Make an exact copy of the records, dropping all pictures.

▼▼▼

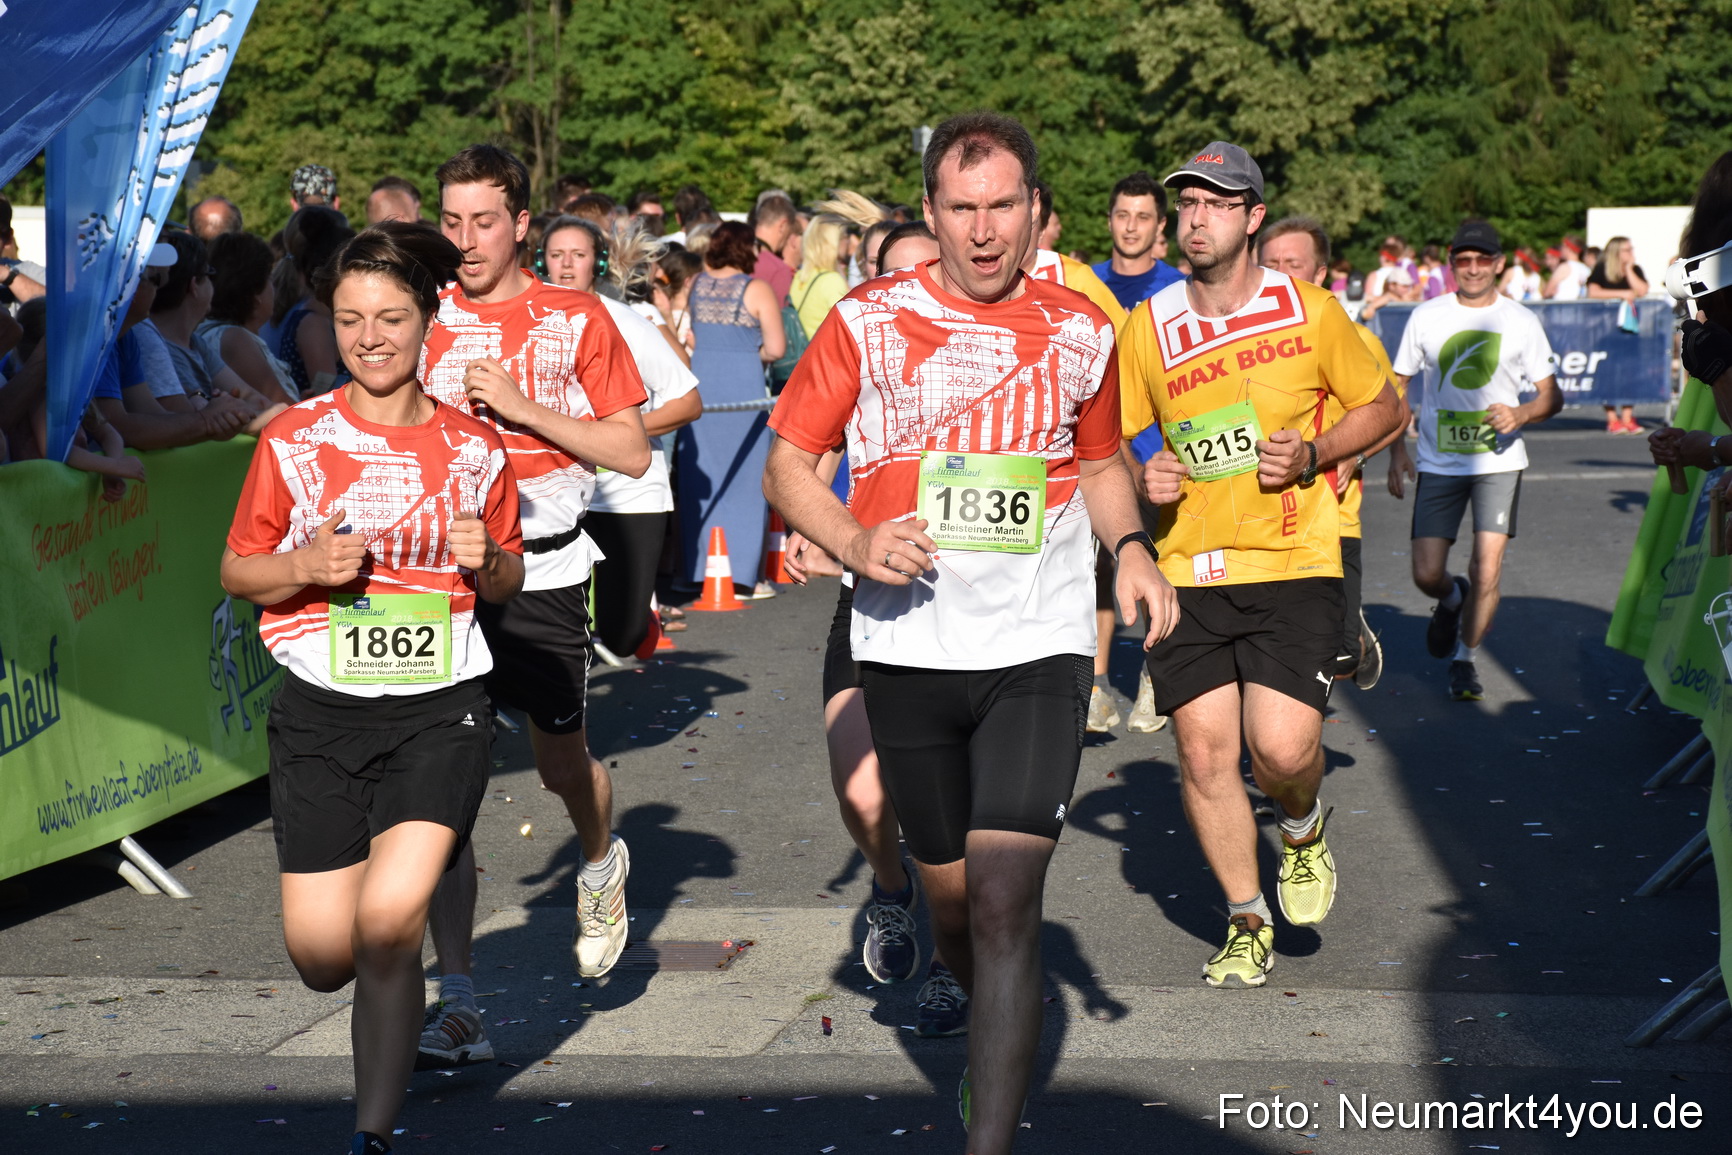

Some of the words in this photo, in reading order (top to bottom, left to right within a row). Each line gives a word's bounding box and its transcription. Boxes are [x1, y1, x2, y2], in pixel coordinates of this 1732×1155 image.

[1194, 153, 1224, 165] FILA
[1166, 357, 1230, 400] MAX
[1235, 335, 1312, 371] BÖGL
[946, 374, 984, 388] 26.22
[355, 444, 387, 454] 10.54
[1183, 426, 1252, 465] 1215
[1192, 462, 1220, 472] Gebhard
[1221, 452, 1255, 467] Johannes
[937, 467, 982, 478] firmenlauf
[357, 493, 391, 503] 52.01
[935, 486, 1031, 526] 1836
[357, 509, 391, 520] 26.22
[31, 499, 95, 572] Gesund
[939, 523, 993, 534] Bleisteiner
[994, 526, 1024, 536] Martin
[931, 532, 967, 541] Sparkasse
[968, 534, 1029, 545] Neumarkt-Parsberg
[108, 520, 162, 601] länger!
[345, 608, 387, 617] firmenlauf
[345, 626, 435, 658] 1862
[346, 660, 393, 668] Schneider
[395, 659, 435, 668] Johanna
[343, 668, 376, 676] Sparkasse
[377, 668, 437, 676] Neumarkt-Parsberg
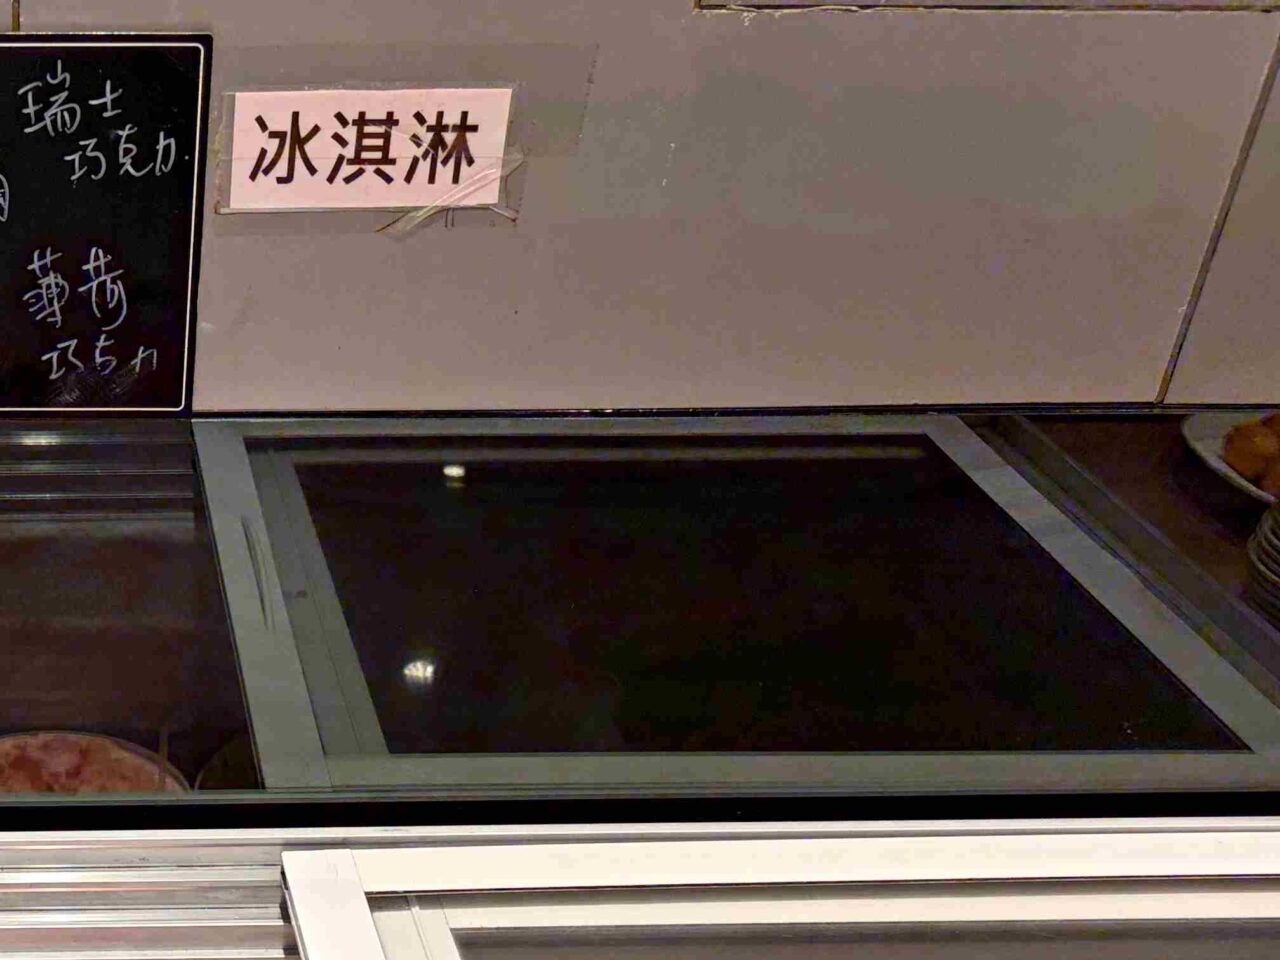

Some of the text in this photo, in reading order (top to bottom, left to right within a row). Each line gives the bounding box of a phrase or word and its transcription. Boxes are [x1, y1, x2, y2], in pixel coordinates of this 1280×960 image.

[18, 60, 123, 136] 瑞士
[63, 124, 177, 181] 巧克力
[248, 110, 479, 185] 冰淇淋
[22, 247, 127, 331] 薄荷
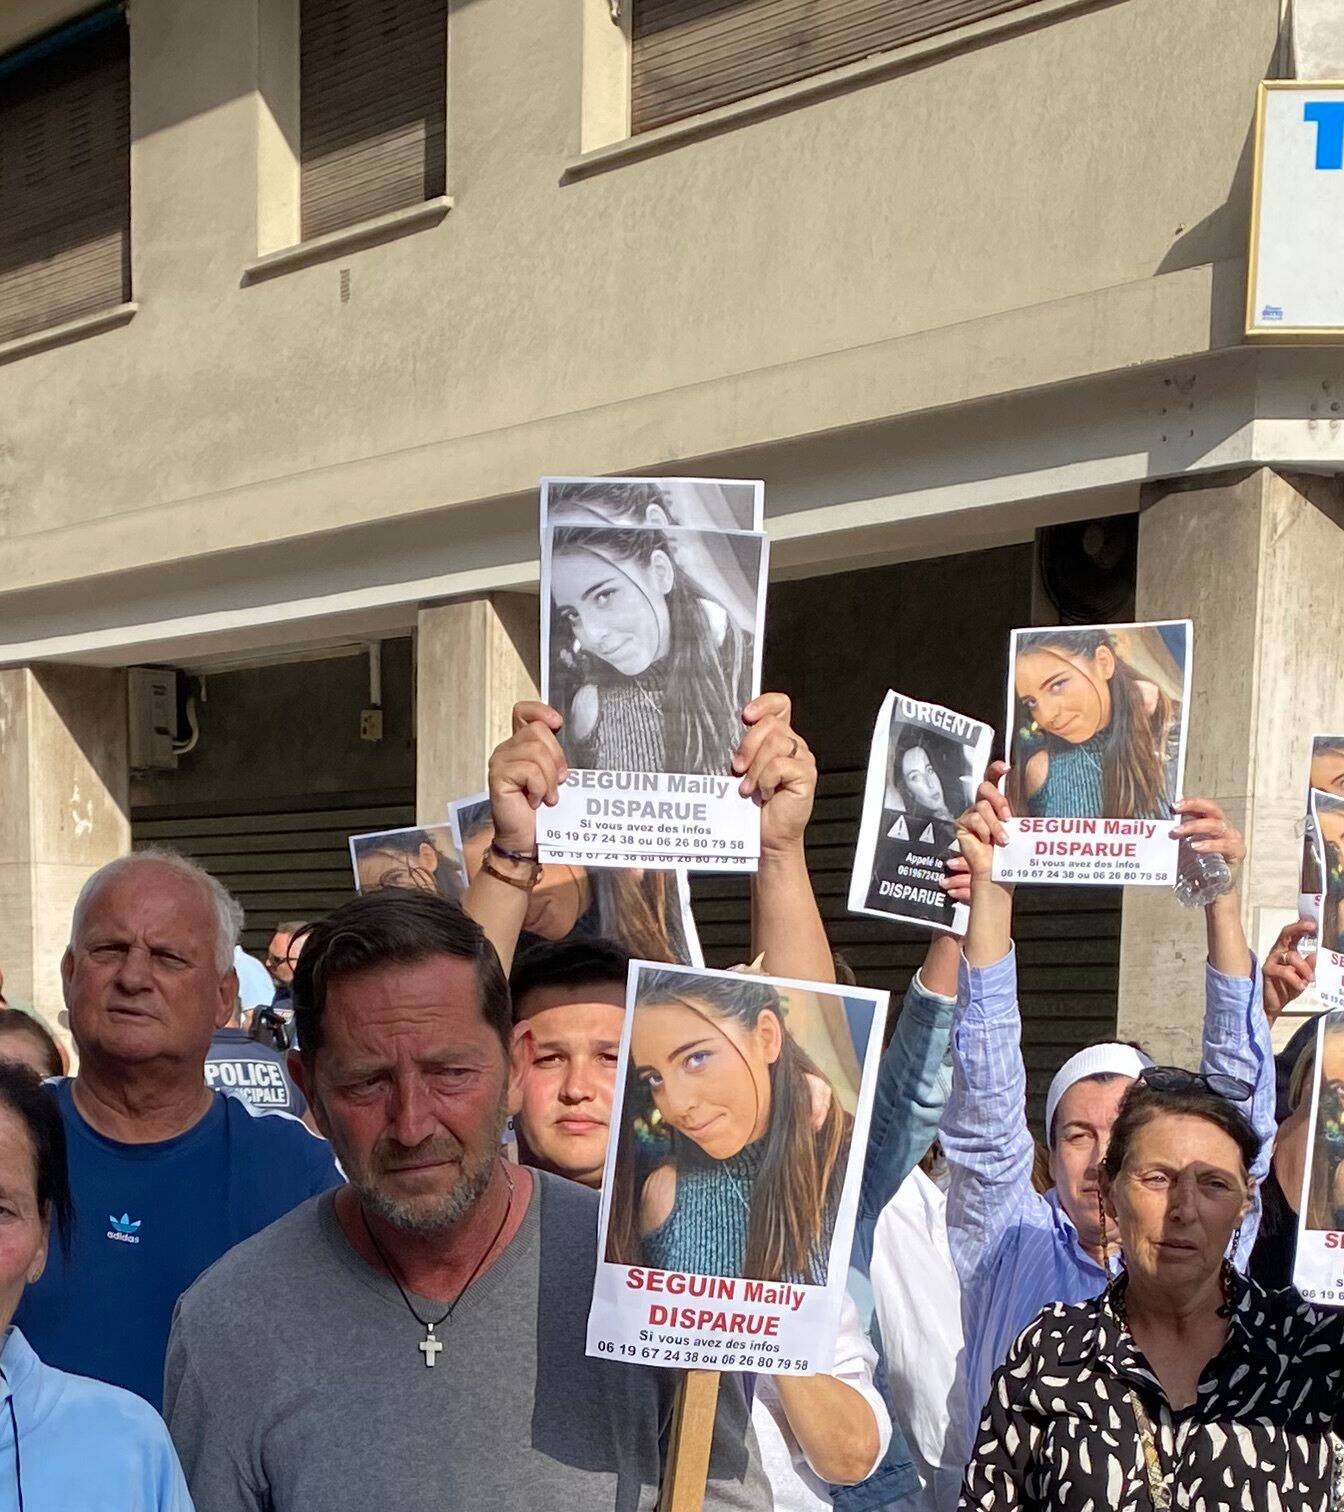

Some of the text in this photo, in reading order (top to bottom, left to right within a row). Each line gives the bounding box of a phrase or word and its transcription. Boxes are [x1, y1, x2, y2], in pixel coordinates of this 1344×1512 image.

[901, 698, 983, 740] URGENT
[566, 771, 729, 799] SEGUIN Maily
[586, 799, 707, 821] DISPARUE
[580, 819, 712, 835] Si vous avez des infos
[1019, 819, 1156, 839] SEGUIN Maily
[547, 830, 744, 849] 06 19 67 24 38 ou 06 26 80 79 58
[1035, 841, 1137, 857] DISPARUE
[1029, 859, 1039, 867] Si
[1094, 860, 1112, 869] des
[1115, 861, 1140, 869] infos
[879, 880, 946, 908] DISPARUE
[204, 1063, 283, 1087] POLICE
[626, 1269, 806, 1311] SEGUIN Maily
[1320, 1290, 1334, 1300] 19
[648, 1305, 781, 1336] DISPARUE
[639, 1330, 780, 1353] Si vous avez des infos
[597, 1341, 809, 1370] 06 19 67 24 38 ou 06 26 80 79 58

▲▲▲

» Reply:
Some of the words in this photo, in reading order (top to bottom, left to right within a row). Each line gives a word's bounding box and its transcription. Boxes are [x1, y1, x2, y2], in pixel coordinates of this 1732×1155 image.

[1194, 153, 1224, 165] FILA
[1166, 357, 1230, 400] MAX
[1235, 335, 1312, 371] BÖGL
[946, 374, 984, 388] 26.22
[355, 444, 387, 454] 10.54
[1183, 426, 1252, 465] 1215
[1192, 462, 1220, 472] Gebhard
[1221, 452, 1255, 467] Johannes
[937, 467, 982, 478] firmenlauf
[357, 493, 391, 503] 52.01
[935, 486, 1031, 526] 1836
[357, 509, 391, 520] 26.22
[31, 499, 95, 572] Gesund
[939, 523, 993, 534] Bleisteiner
[994, 526, 1024, 536] Martin
[931, 532, 967, 541] Sparkasse
[968, 534, 1029, 545] Neumarkt-Parsberg
[108, 520, 162, 601] länger!
[345, 608, 387, 617] firmenlauf
[345, 626, 435, 658] 1862
[346, 660, 393, 668] Schneider
[395, 659, 435, 668] Johanna
[343, 668, 376, 676] Sparkasse
[377, 668, 437, 676] Neumarkt-Parsberg

Some of the text in this photo, in reading order (top to bottom, left to right within a row). Each line gives the bounding box of a phrase or word and its transcription. Boxes are [x1, y1, x2, y2], in pixel coordinates of this 1280×960 image.

[18, 60, 123, 136] 瑞士
[63, 124, 177, 181] 巧克力
[248, 110, 479, 185] 冰淇淋
[22, 247, 127, 331] 薄荷

Some of the text in this photo, in reading order (top to bottom, left to right within a row). Each line gives the bounding box of a phrase or word and its transcription. Boxes are [x1, y1, x2, y2], in pixel coordinates of this 1344×1512 image.

[901, 698, 983, 740] URGENT
[566, 771, 729, 799] SEGUIN Maily
[586, 799, 707, 821] DISPARUE
[580, 819, 712, 835] Si vous avez des infos
[1019, 819, 1156, 839] SEGUIN Maily
[547, 830, 744, 849] 06 19 67 24 38 ou 06 26 80 79 58
[1035, 841, 1137, 857] DISPARUE
[1029, 859, 1039, 867] Si
[1094, 860, 1112, 869] des
[1115, 861, 1140, 869] infos
[879, 880, 946, 908] DISPARUE
[204, 1063, 283, 1087] POLICE
[626, 1269, 806, 1311] SEGUIN Maily
[1320, 1290, 1334, 1300] 19
[648, 1305, 781, 1336] DISPARUE
[639, 1330, 780, 1353] Si vous avez des infos
[597, 1341, 809, 1370] 06 19 67 24 38 ou 06 26 80 79 58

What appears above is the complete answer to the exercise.